If you like the 10 FP but want left handed why not go 12 FVL? basic difference is a few inches of barrel and an extra sling swivel. If you really want a shorter barrel you can always have it cut down pretty cheap. From a pure on target performance point of view you are hard pressed to beat a Savage. It isn't the nicest all around rifle but it puts those bullets into tiny groups. The trigger is pretty good to. For my money it is hard to beat the 12FV. The others are great too but bang for your buck I don't see how you can pass on Savage.

How much does barrel length affect accuracy? Snipercentral stated that 20" may be optimum length for .308 for accuracy, but at the expense of a little loss of velocity. It is counter-intuitive to me how a 20" barrel could be more accurate than 24".

by the way.. I forgot this in my other posts.

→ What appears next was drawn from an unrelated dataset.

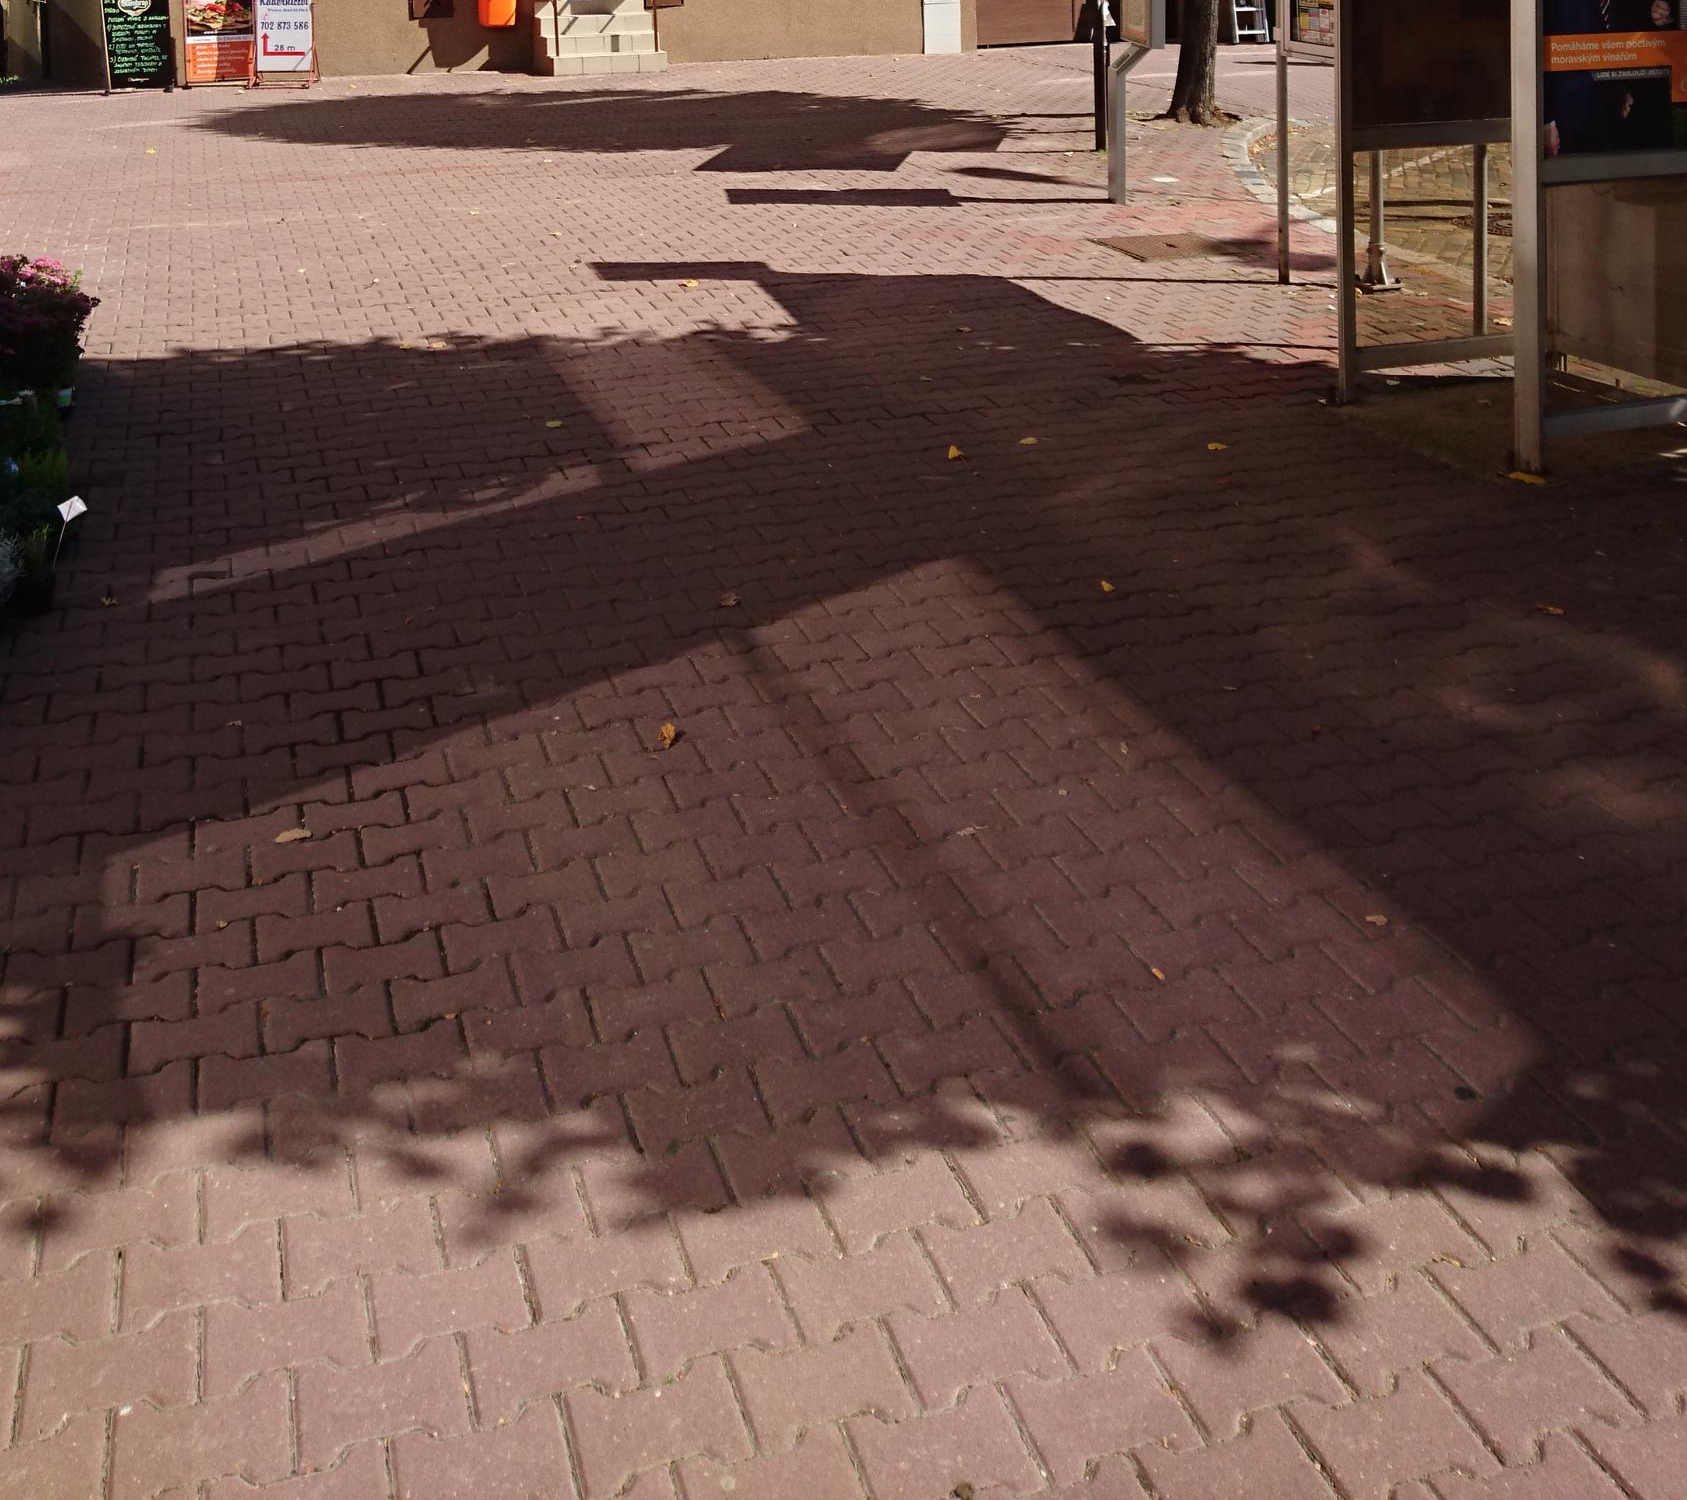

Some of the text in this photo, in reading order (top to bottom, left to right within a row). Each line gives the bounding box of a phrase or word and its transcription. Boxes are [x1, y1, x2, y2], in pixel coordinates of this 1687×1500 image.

[260, 21, 309, 30] 702 873 586
[274, 44, 284, 52] 28
[1551, 38, 1665, 52] Pomáháme všem poctivým
[1551, 52, 1637, 65] moravským vinařům

Savage makes the 10FLCP... lefty version of the 10FP for LE.
http://www.savagearms.com/10flcp.htm

Thanks Axeman. I saw that, but it is about $150 more because it also includes the AccuStock. I figure that that is something I could add later if I wanted, but prefer to save the $$ for now.
 
How much does barrel length affect accuracy? Snipercentral stated that 20" may be optimum length for .308 for accuracy, but at the expense of a little loss of velocity. It is counter-intuitive to me how a 20" barrel could be more accurate than 24".
Mechanical accuracy in theory has to do with barrel stiffness (and a short/thick barrel is stiffer than a long/skinny barrel). On the other hand, long-range misses are usually due to windage error and range estimation error, both of which are helped by more velocity, which comes from more barrel length. It's been my experience that you can get long, skinny barrels to shoot great (quarter MOA) as long as they are made from a quality blank and they were chambered true and put on an accurate action.

-z
 
Mechanical accuracy in theory has to do with barrel stiffness (and a short/thick barrel is stiffer than a long/skinny barrel). On the other hand, long-range misses are usually due to windage error and range estimation error, both of which are helped by more velocity, which comes from more barrel length. It's been my experience that you can get long, skinny barrels to shoot great (quarter MOA) as long as they are made from a quality blank and they were chambered true and put on an accurate action.
Ahh Haa! That makes sense. Thanks for clarifying that for me.
 
In theory more barrel length makes for a less accurate rifle but it certainly seems as said that the quality of the barrel and chambering have far more to do with the accuracy than the actual length. As also noted a longer barrel tends to allow higher velocities, with appropriate powders. The faster a bullet is pushed the less they drift in the wind. If you are perfect at reading the wind it makes no difference as you can adjust for the wind perfectly. In reality a faster bullet makes up for a person who has more trouble reading wind, especially at longer ranges. In reality to those of us who are even great but not quite amazing shooters I doubt you notice much difference from either barrel. If you are hauling it around the shorter barrel tends to be easier to carry. That is really the big thing I look at and in your case it doesn't sound like it will be hiked around much so it wouldn't much matter.
 
IIRC, you lose about 42 fps for every inch of barrel from a .308 24". Basically negligible, power loss is overdone by inherent accuracy of the 20" barrel. The 20" especially a heavy or med-heavy barrel has less whip in it then a 24" barrel, especially in the more powerful .30+ calibers.

I personally cannot even fathom toting around a 24" heavy, those things way a ton.